Le narcissiste est capable du sacrifice de soi. Auto-affection de son être, le moi se détermine par confrontation avec l’autre. Cette notion ne doit pas être confondue avec la conservation de soi, par laquelle l’homme est déjà l’homme à l’état de société, comme le dirait Hobbes. La conservation de soi est issue de la conservation, du sentiment de crainte, tandis que chez Rousseau, il s’agit de l’amour de soi et de l’égoïsme, avec la pitié, promue à l’état de société. Quelle différence entre égoïsme et narcissisme, celui qui ramène tout à soi, fait de soi le centre de tout, on veille sur soi, on fait le calcul de sa perception, entre amour de soi et amour propre, auto-affection et expansion de son être (Rousseau).

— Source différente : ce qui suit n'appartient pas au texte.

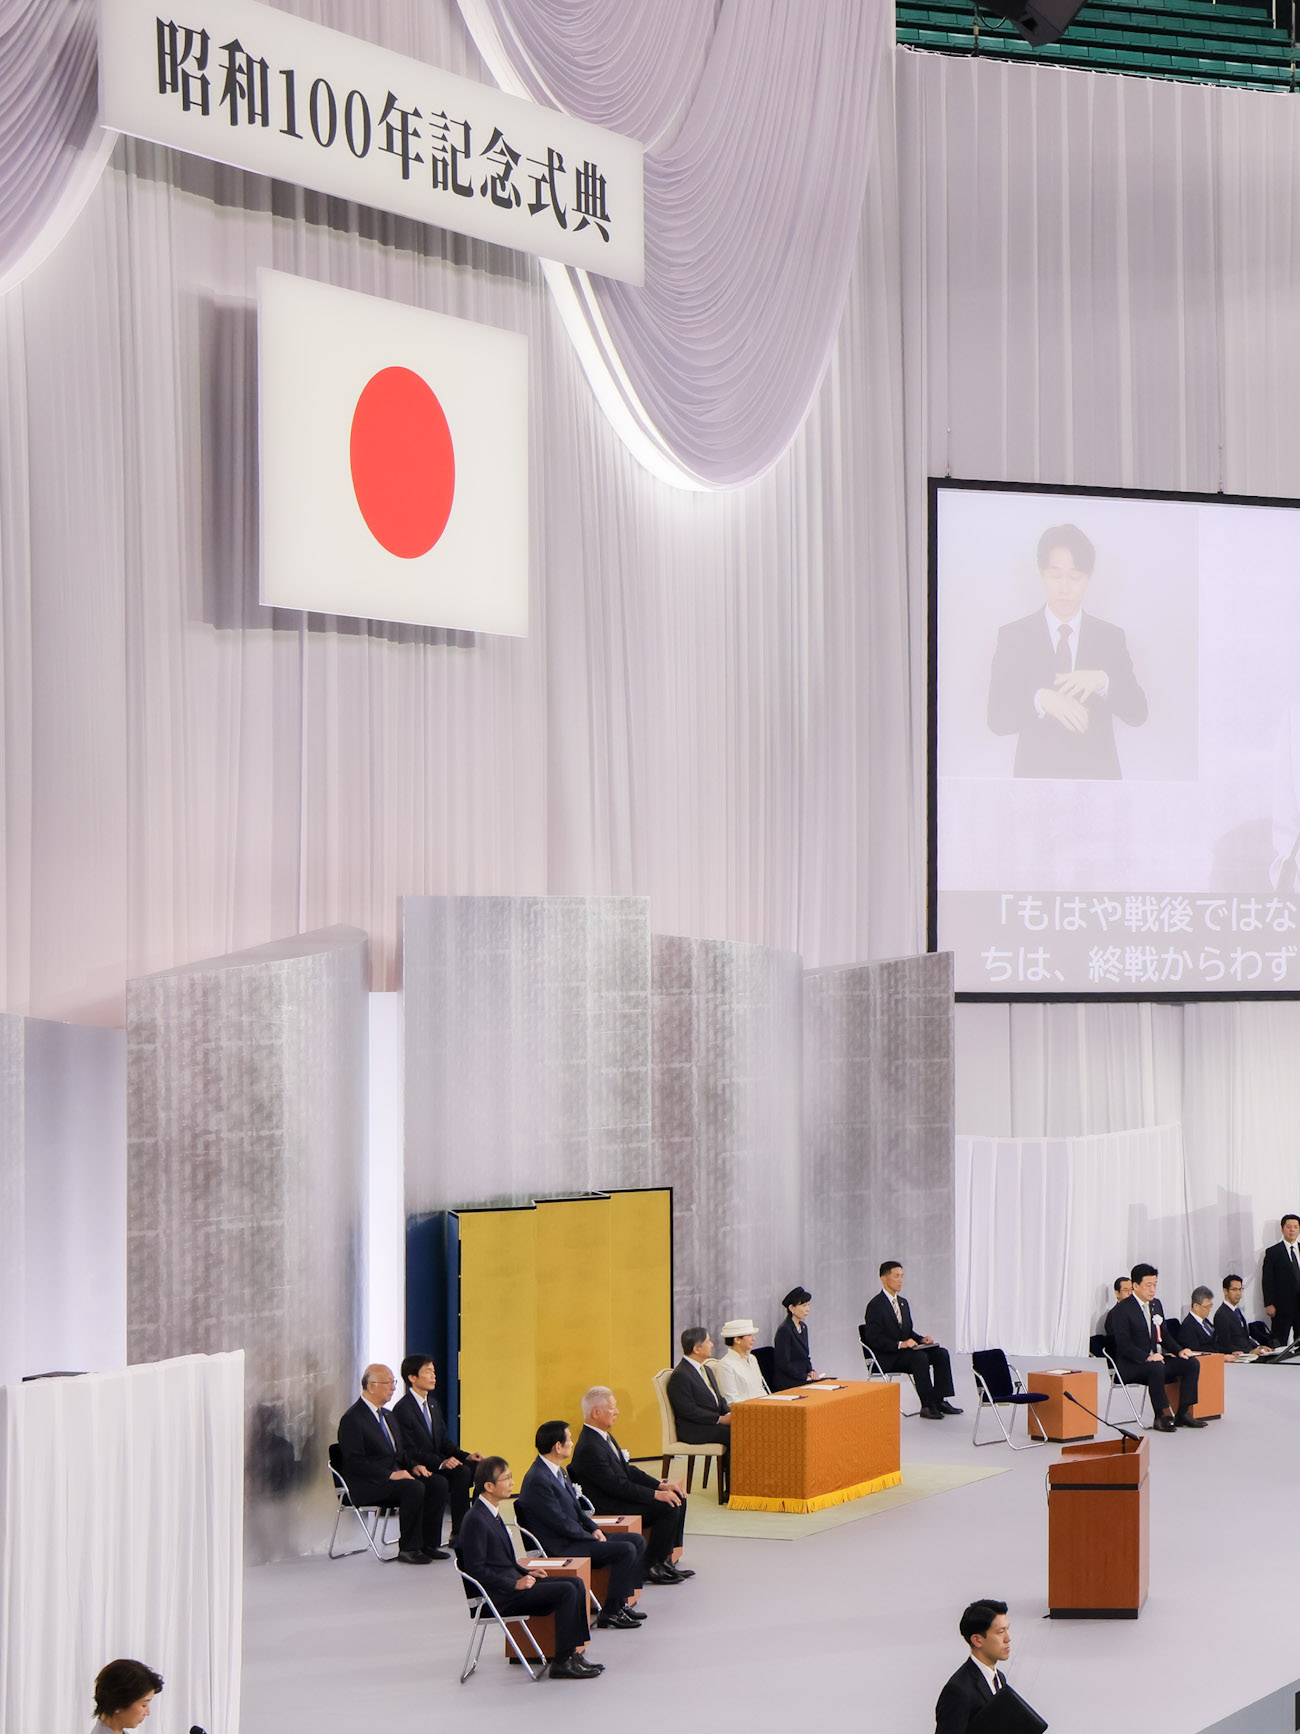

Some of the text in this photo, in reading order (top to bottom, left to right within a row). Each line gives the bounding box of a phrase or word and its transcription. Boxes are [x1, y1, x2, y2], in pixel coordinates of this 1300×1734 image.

[155, 15, 612, 243] 昭和100年記念式典
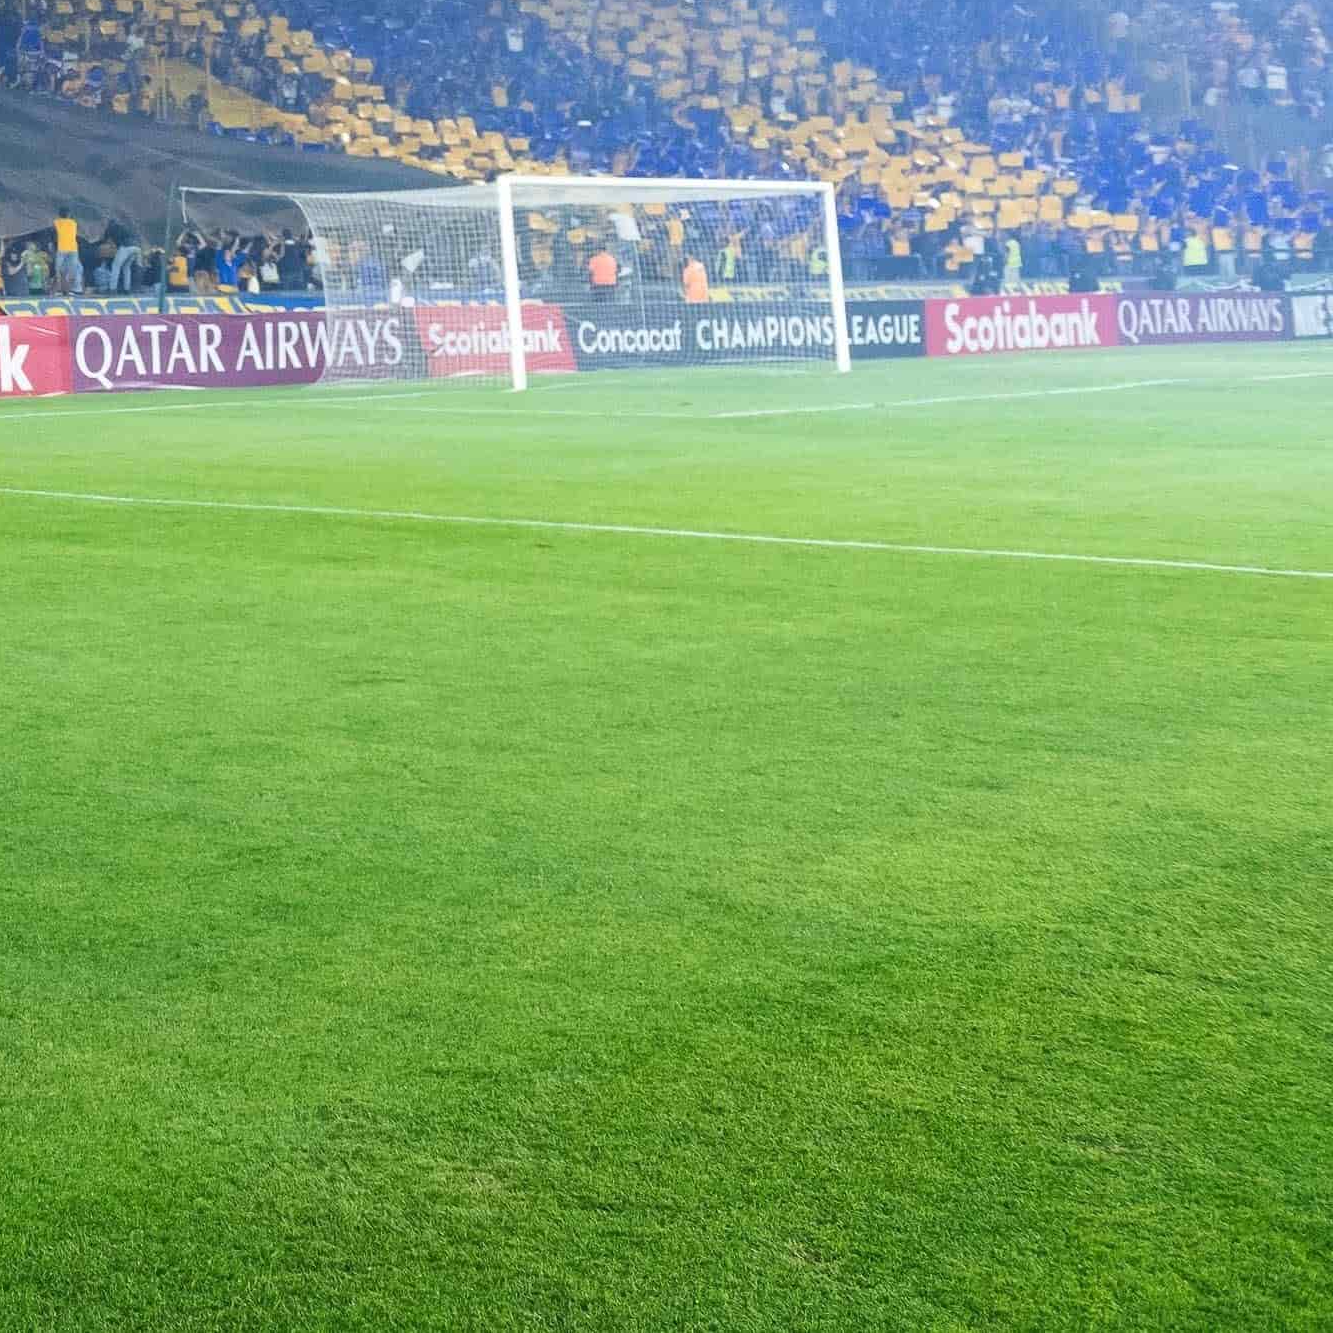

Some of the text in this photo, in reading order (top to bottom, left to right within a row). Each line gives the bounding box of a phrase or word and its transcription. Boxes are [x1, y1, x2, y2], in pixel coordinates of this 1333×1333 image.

[577, 321, 683, 353] Concacaf
[696, 315, 833, 350] CHAMPIONS
[944, 298, 1102, 354] Scotiabank
[1117, 299, 1193, 344] QATAR
[1197, 298, 1283, 333] AIRWAYS
[74, 318, 403, 388] QATAR AIRWAYS
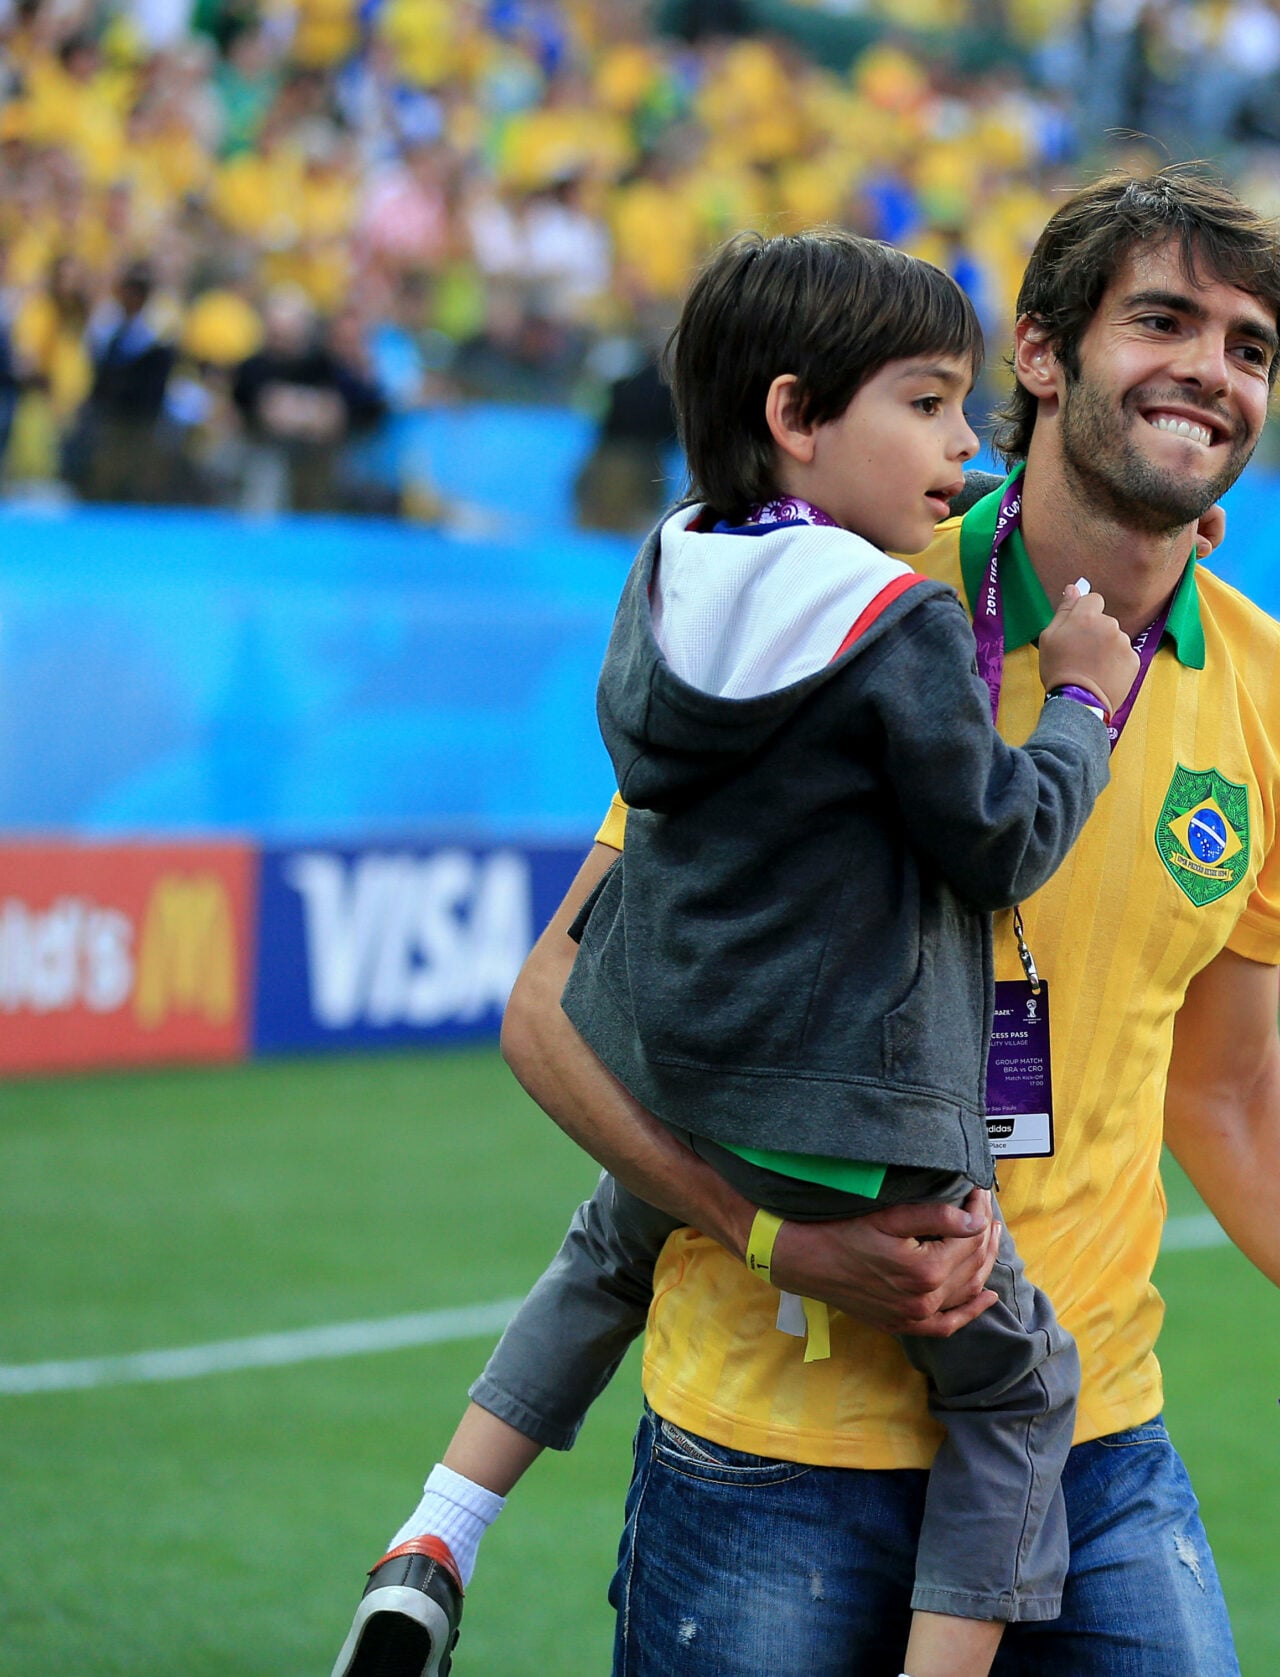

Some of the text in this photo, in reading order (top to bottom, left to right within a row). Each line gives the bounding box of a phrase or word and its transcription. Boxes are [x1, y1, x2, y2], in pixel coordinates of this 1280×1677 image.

Amour propre et amour de soi

Dans le passage de l’amour de soi à l’amour propre, il y a la distinction entre l’amour de soi qui ne se confond pas avec la conservation de soi, proche ou égal à l’instinct de conservation. Quand Rousseau parle du discours sur « l’origine de l’inégalité des hommes », l’homme à l’état de société, il renverse l’idée de ce que Hobbes appelle l’homme à l’état de nature dans lequel égoïsme et altruisme ne sont pas les deux pôles. Au sujet de la pitié, la meilleure image dit plus que ce que l’amour propre peut montrer. Dans l’auto-portrait, on passe à une remise en question de sa propre image montrée, publiée dans un magazine.

Un Roi en majesté

Le roi en majesté, à l’académie royale des sciences, à propos d’un corps de gloire, il faut lire les « Mémoires pour l’instruction du Dauphin », où l’on découvre les mécanismes de l’intérêt pour soi. Il ne faut pas être dupe des flatteries qui l’entourent ce qui signifie qu’il faut prendre les décisions soi-même, c’est l’égoïsme du souverain dont on doit se demander s’il est contradictoire, si l’on se réfère au « on » de majesté. Plus grande est la gloire de l’État plus l’état est puissant, plus il doit réjouir le Roi en majesté, plus l’égoïsme du roi est justifié par les plaisirs dont jouissent les autres, ses sujets.

Le bien de l’État

C’est le seul être qui ait en vue le bien de l’état qui fait la gloire de Louis XIV. Les bénéfices de l’égoïsme, ne sont pas attribués au nom du bien d’autrui que je ne pense qu’à moi. L’égoïsme du roi est justifié par le plaisir qu’en tirent les autres. Ce sont les vertus de l’égoïsme. Sade : je peux jouir en faisant du mal à autrui, ce qui constitue l’insularité, dans laquelle vivent ceux qui sont étrangers aux douleurs qu’eux-mêmes infligent. Chez Sade, il y a une justification due à l’existence des monades qui sont entièrement closes sur elles-mêmes. Deleuze : dans l’univers sadien il n’y a pas d’autrui, d’alter ego, dont je connais l’altérité comme moi, dans ma méconnaissance d’autrui, une conscience qui ne voit que de petits moi.

Solipsisme : qu’est-ce ?

Le solipsisme, l’hétérogénéité qui donne au spectateur l’impression d’être le voyeur, on empêche de voir, de penser, ce qui constitue une fracture dans la conscience de l’altérité, de l’autre, puisque les autres sont pris comme moyens d’accéder à son propre plaisir. La satisfaction de notre plaisir ne concerne-t-elle pas nos semblables ou ne concerne pas « l’être avec » ? Le mal que je fais à autrui ne me concerne pas (Sade).

Négation de l’autre

La justification de l’égoïsme chez Sade, par l’intermédiaire des monades closes sur elles-mêmes nie l’autre comme alter ego. Il existe une rationalité qui prend la rationalité pratique à rebours. L’Alter ego est l’autre moi dont je connais l’altérité par comparaison avec moi-même. L’Égoïsme généralisé, c’est un sujet pris pour l’ensemble des sujets, le sentiment d’un moi qui n’accède à soi que par analogie avec le moi. C’est un échec du jouir, le désir échoue, car le dernier maitre ne jouit pas. On empêche de voir, de penser car la conscience de l’autre est empêchée de penser, de voir et de parler, puisque l’oeil est crevé et la langue est coupée.